### WHAT YOU NEED TO DO
Output every record verbatim, and omit each picture.

### Extracted data entries
--------------------

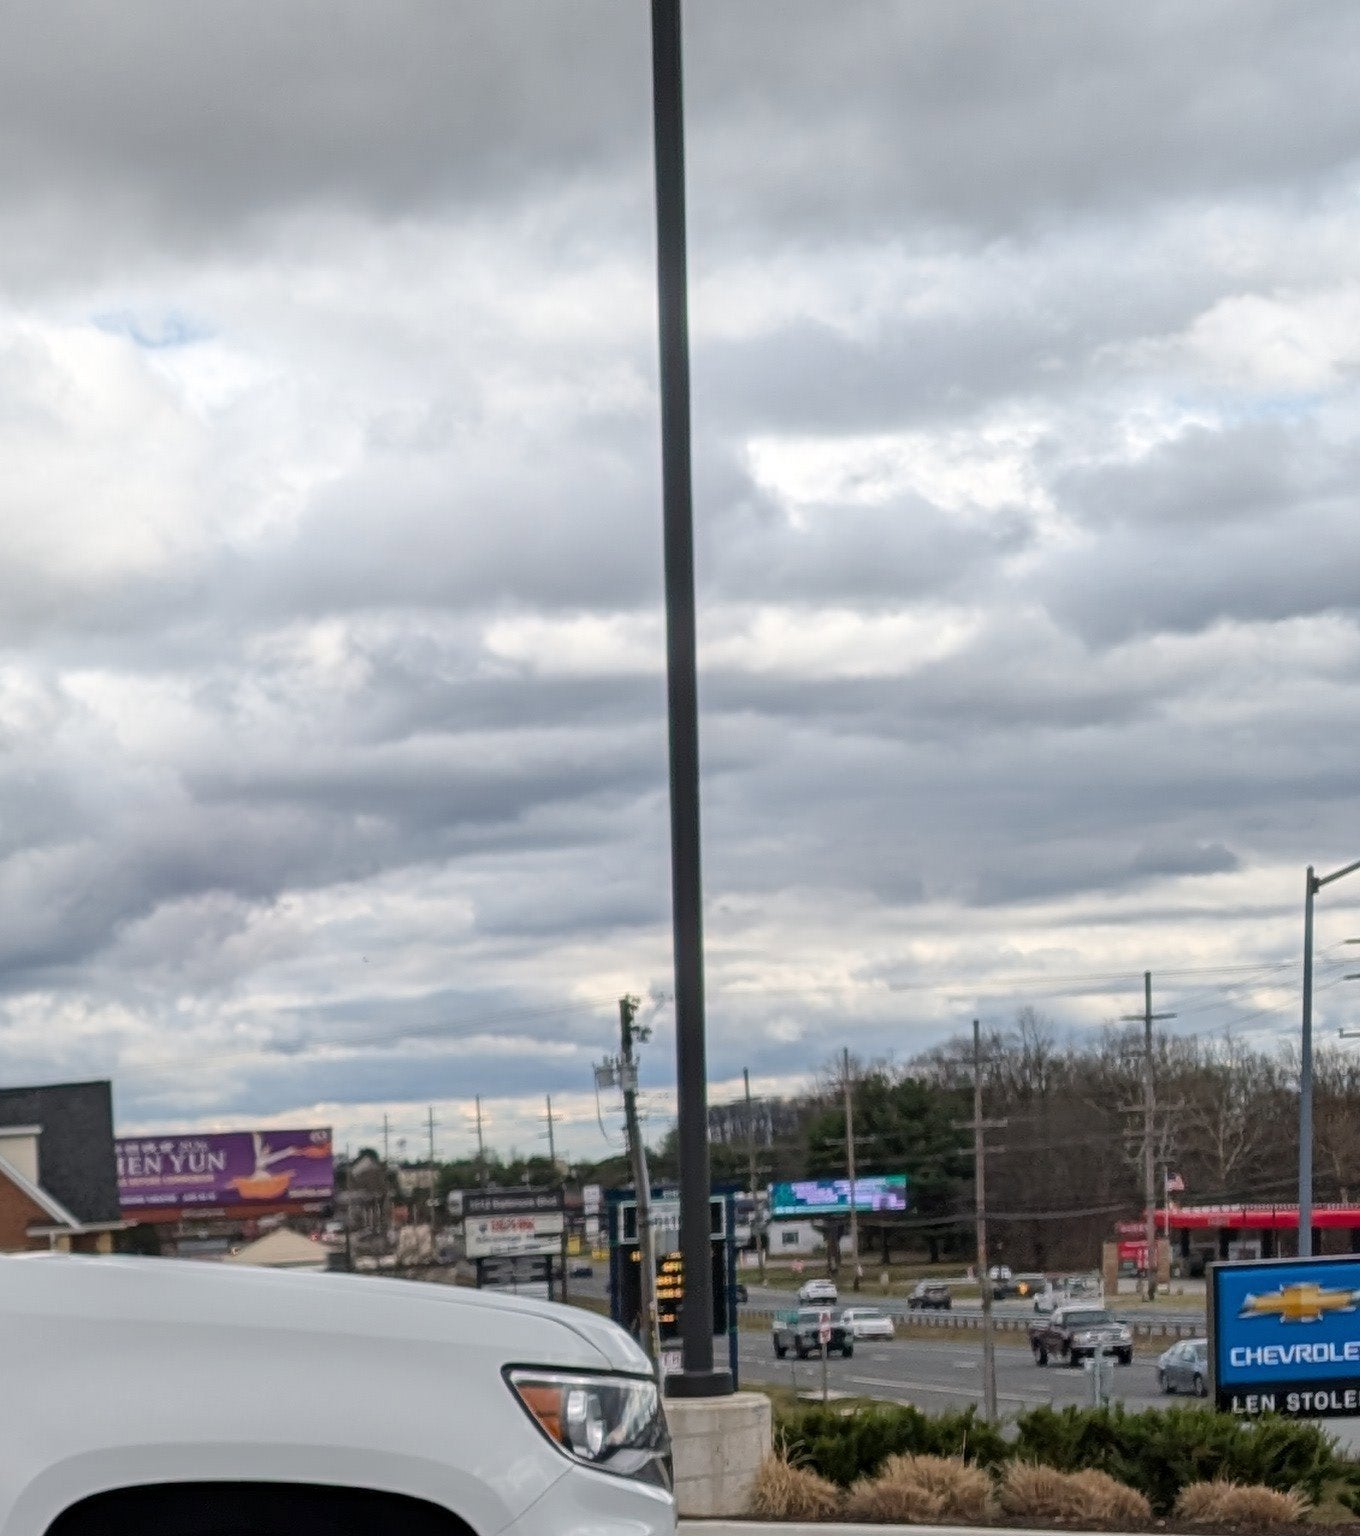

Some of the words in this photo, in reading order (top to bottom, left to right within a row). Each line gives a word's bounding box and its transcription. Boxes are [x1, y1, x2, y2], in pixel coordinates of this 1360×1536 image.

[169, 1150, 226, 1174] YUN
[1231, 1341, 1360, 1367] CHEVROLE
[1232, 1394, 1276, 1415] LEN
[1286, 1389, 1360, 1412] STOLE
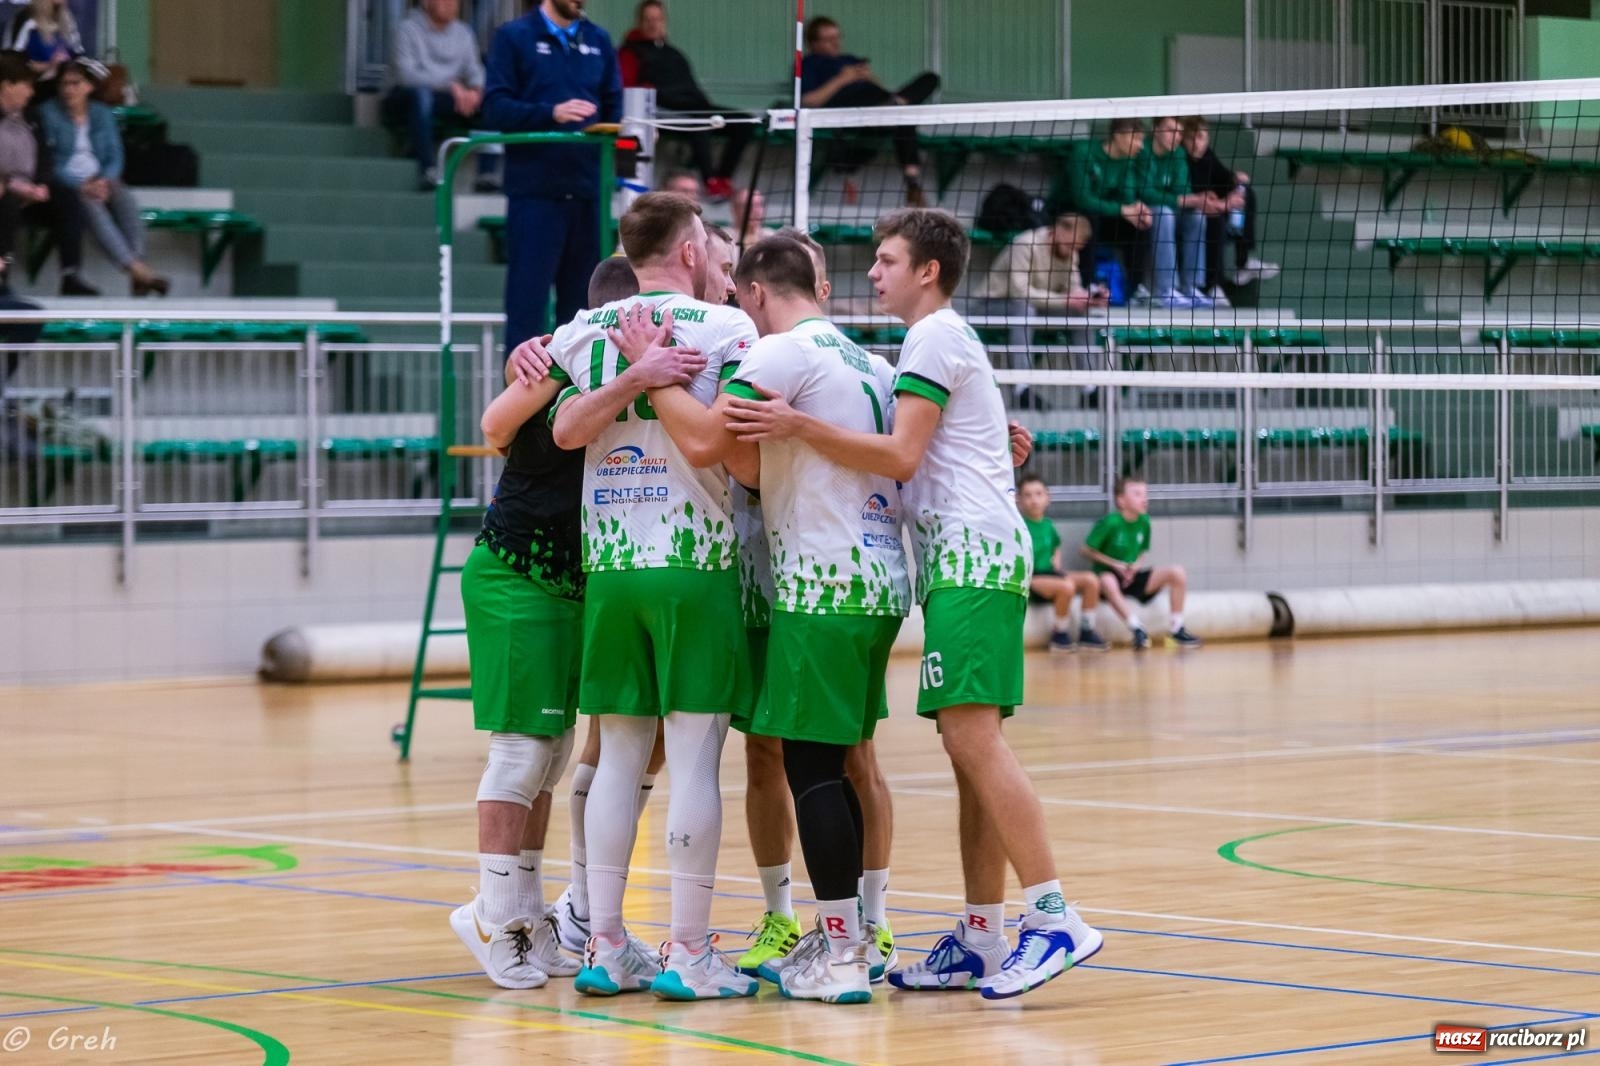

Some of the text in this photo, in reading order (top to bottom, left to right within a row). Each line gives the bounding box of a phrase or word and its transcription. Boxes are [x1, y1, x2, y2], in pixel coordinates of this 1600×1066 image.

[639, 458, 667, 466] MULTI
[825, 916, 847, 934] R
[969, 914, 988, 928] R
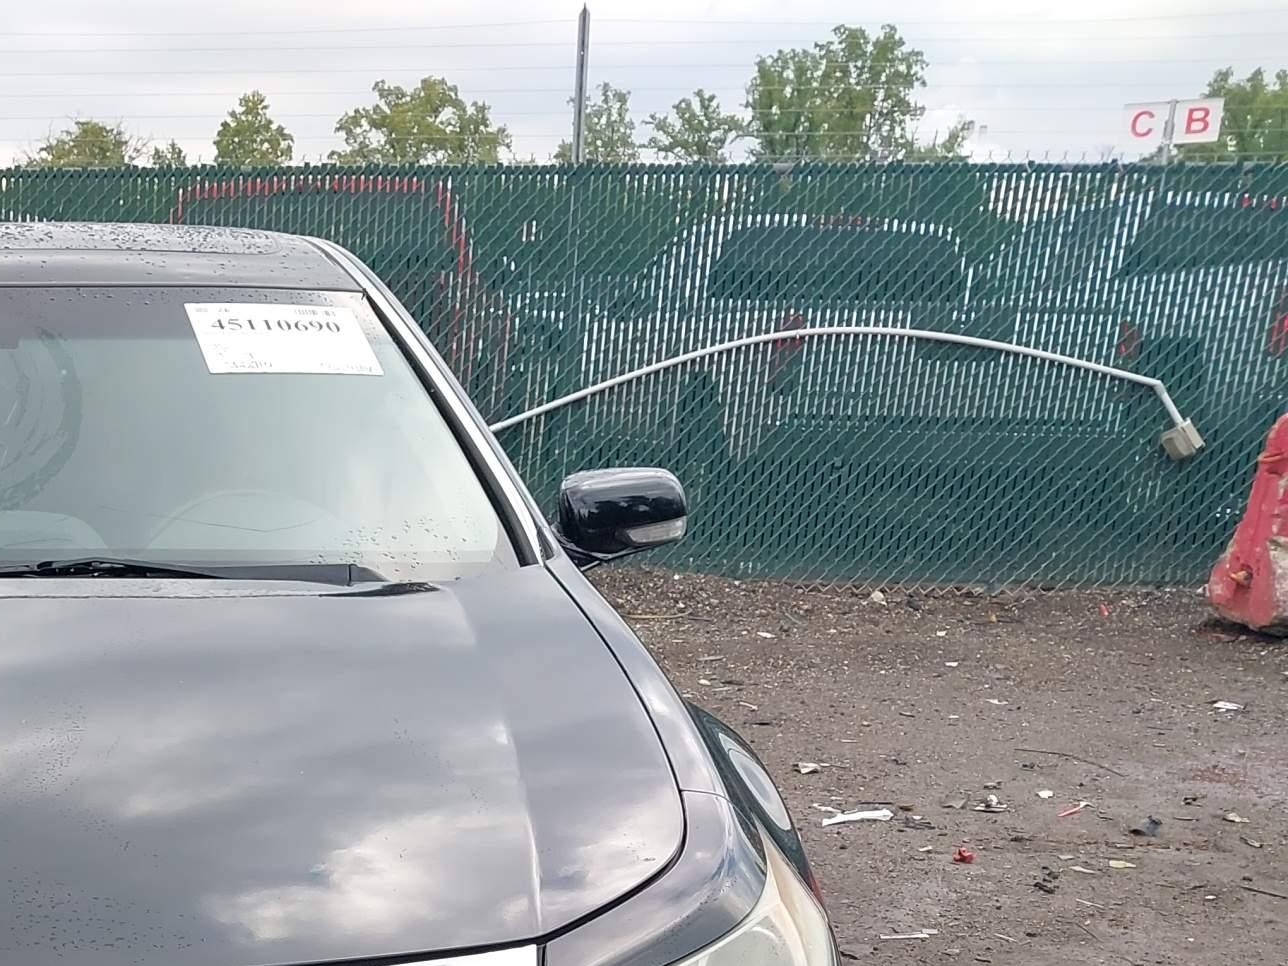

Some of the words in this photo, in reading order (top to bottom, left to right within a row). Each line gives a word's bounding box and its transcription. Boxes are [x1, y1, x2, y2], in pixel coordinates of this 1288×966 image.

[1131, 110, 1155, 138] C
[1185, 107, 1210, 135] B
[210, 318, 341, 333] 45110690
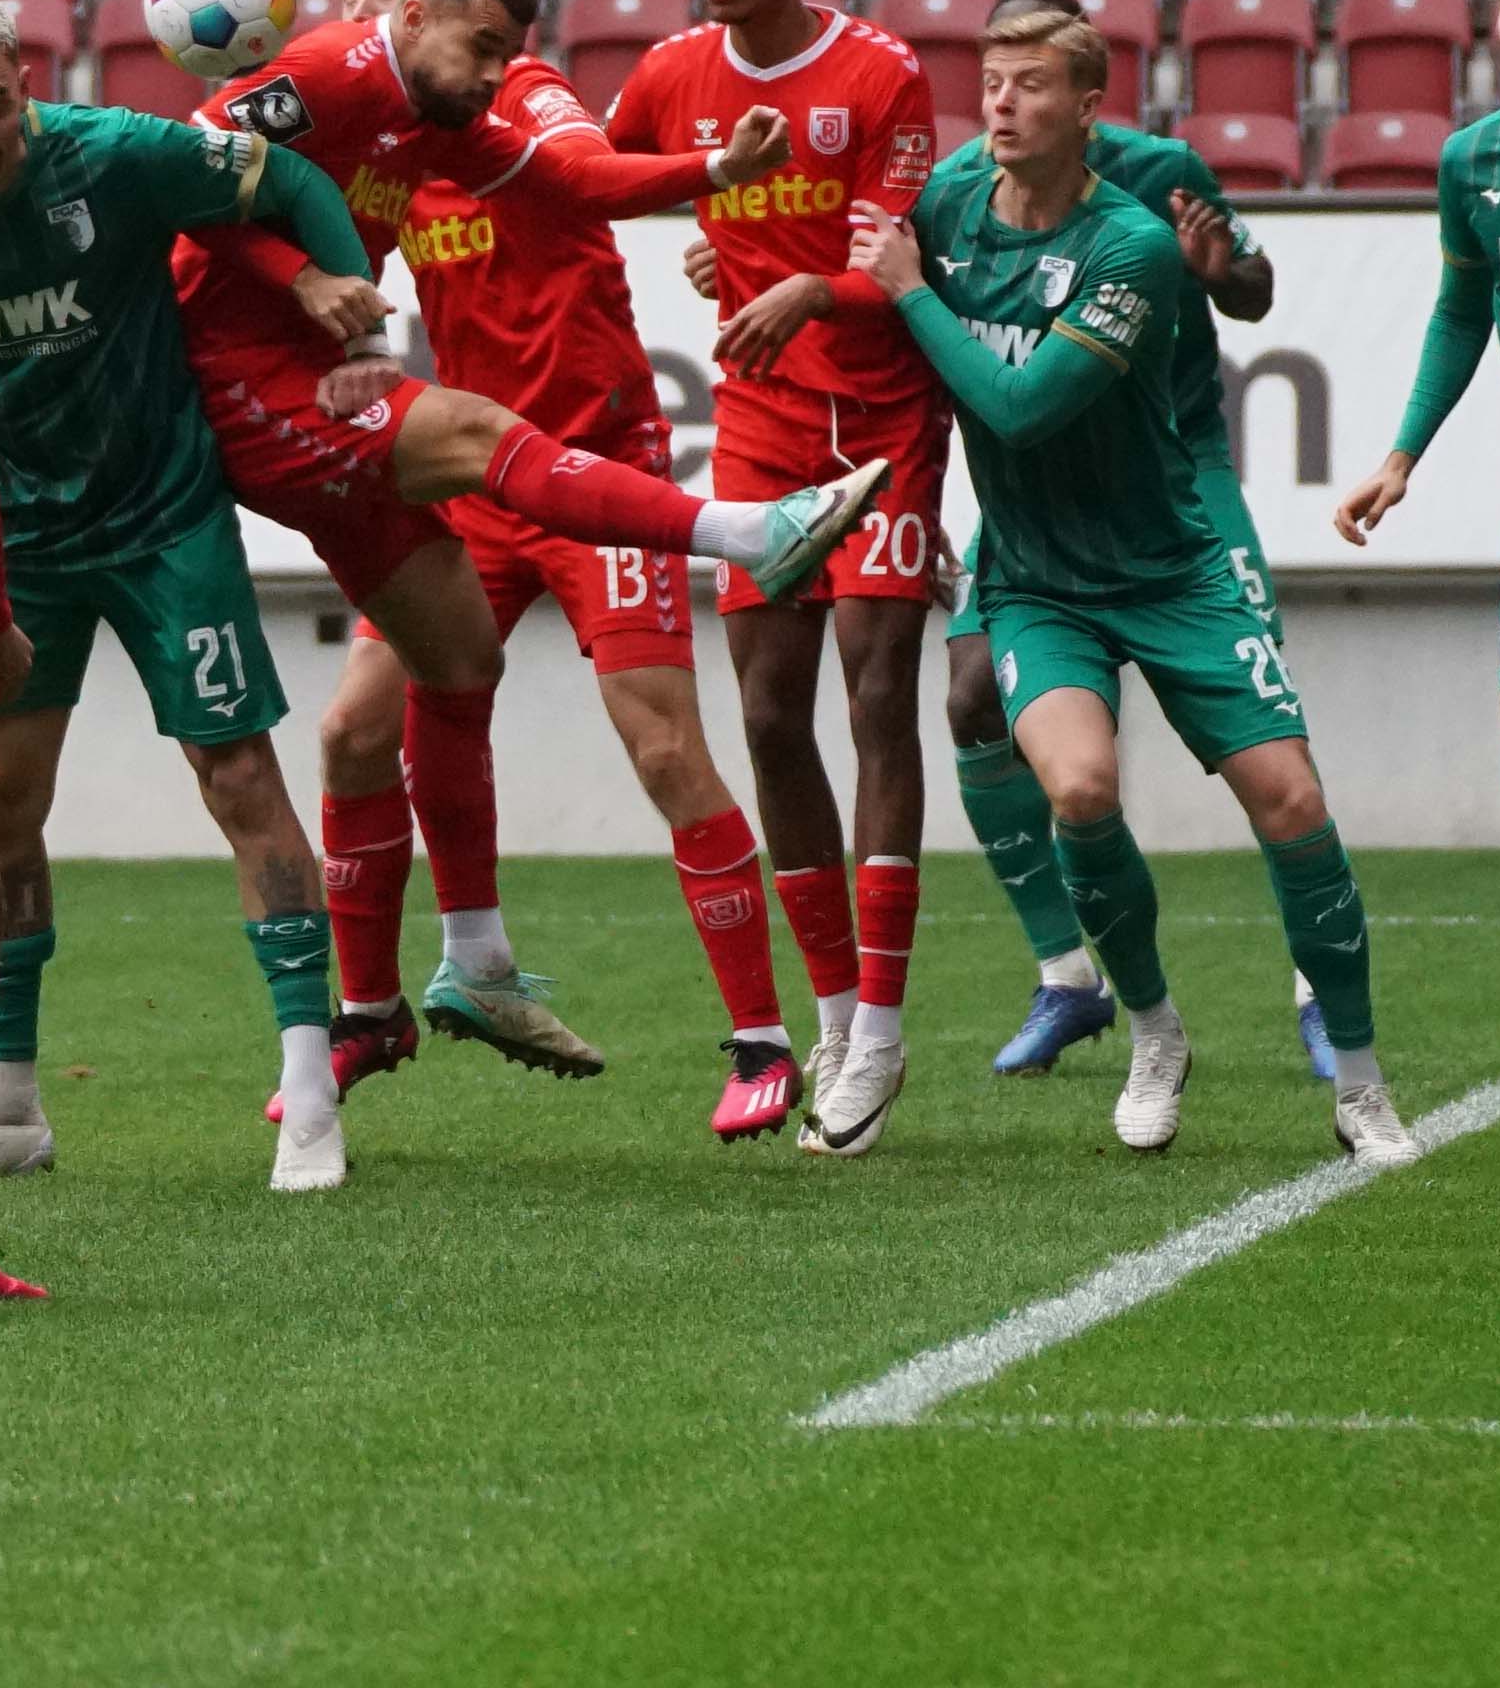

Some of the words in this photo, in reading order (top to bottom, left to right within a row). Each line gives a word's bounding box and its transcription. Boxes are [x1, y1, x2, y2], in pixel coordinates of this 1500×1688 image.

[346, 165, 411, 224] Nett
[709, 174, 844, 220] Netto
[400, 216, 494, 266] Netto
[860, 511, 926, 577] 20
[596, 546, 648, 609] 13
[1229, 547, 1267, 604] 5
[187, 621, 247, 698] 21

--------------------

### WRITTEN SOLUTION
Some of the words in this photo, in reading order (top to bottom, left to right within a row). Each line gives a word's bounding box and its transcription. Boxes are [x1, y1, x2, y2], in pixel coordinates of this 1360×1536 image.

[169, 1150, 226, 1174] YUN
[1231, 1341, 1360, 1367] CHEVROLE
[1232, 1394, 1276, 1415] LEN
[1286, 1389, 1360, 1412] STOLE

Some of the text in this photo, in reading order (top to bottom, left to right within a row). Each line gives the bounding box of a phrase or word and its transcription. Boxes are [x1, y1, x2, y2], in pixel coordinates of this 1600×1066 image.

[639, 458, 667, 466] MULTI
[825, 916, 847, 934] R
[969, 914, 988, 928] R

Some of the words in this photo, in reading order (top to bottom, left to right within a row). Each line gives a word's bounding box and its transcription. Boxes are [x1, y1, x2, y2], in pixel coordinates of this 1288×966 image.

[1131, 110, 1155, 138] C
[1185, 107, 1210, 135] B
[210, 318, 341, 333] 45110690

Some of the words in this photo, in reading order (top to bottom, left to right within a row). Each line gives a word's bounding box and its transcription. Boxes are [x1, y1, x2, y2], in pixel coordinates of this 1500×1688 image.

[346, 165, 411, 224] Nett
[709, 174, 844, 220] Netto
[400, 216, 494, 266] Netto
[860, 511, 926, 577] 20
[596, 546, 648, 609] 13
[1229, 547, 1267, 604] 5
[187, 621, 247, 698] 21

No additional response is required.